The rogue hacktivist collective Anonymous has claimed credit for hacking and defacing several Federal Trade Commission (FTC) websites in protest of the US government's support of the Anti-Counterfeiting Trade Agreement (ACTA).
The affected websites include business.ftc.gov and consumer.ftc.gov, and ncpw.gov.
The attackers posted the following satirical anti-ACTA video on the government sites:
Threatpost reports that the FTC issued the following statement on the incidents:
“The Bureau of Consumer Protection’s Business Center website and the partnership site NCPW run by the Federal Trade Commission were hacked earlier today. The FTC takes these malicious acts seriously. The sites have been taken down and will be brought back up when we’re satisfied that any vulnerability has been addressed."
ACTA is a controversial international trade agreement designed to enforce intellectual property rights and combat piracy.
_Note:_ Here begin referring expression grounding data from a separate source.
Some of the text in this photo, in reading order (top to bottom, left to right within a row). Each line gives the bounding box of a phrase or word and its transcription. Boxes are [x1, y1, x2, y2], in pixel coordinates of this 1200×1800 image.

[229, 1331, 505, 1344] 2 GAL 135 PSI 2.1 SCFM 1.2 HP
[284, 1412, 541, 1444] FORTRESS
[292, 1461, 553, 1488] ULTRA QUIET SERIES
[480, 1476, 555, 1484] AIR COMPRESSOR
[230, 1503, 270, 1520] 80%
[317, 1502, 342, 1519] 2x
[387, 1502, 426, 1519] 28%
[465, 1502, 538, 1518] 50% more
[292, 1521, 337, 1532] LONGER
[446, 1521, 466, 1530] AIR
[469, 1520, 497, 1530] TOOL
The act is similar legislation proposed in the United states, namely Stop Online Piracy Act (SOPA) and the Protect Intellectual Property Act (PIPA). The bills led to widespread online protest acts in January.
Passage of both pieces of legislation have been delayed in Congress, but that did not stop the Department of Justice from acting decisively against file-sharing service provider Megaupload with multiple international arrests and a shut-down of their operations under charges of copyright infringement.
The indictments led to multiple distributed denial of service (DDoS) attacks which were launched against entertainment industry and US government websites by Anonymous supporters in an operation dubbed "OpMegaupload".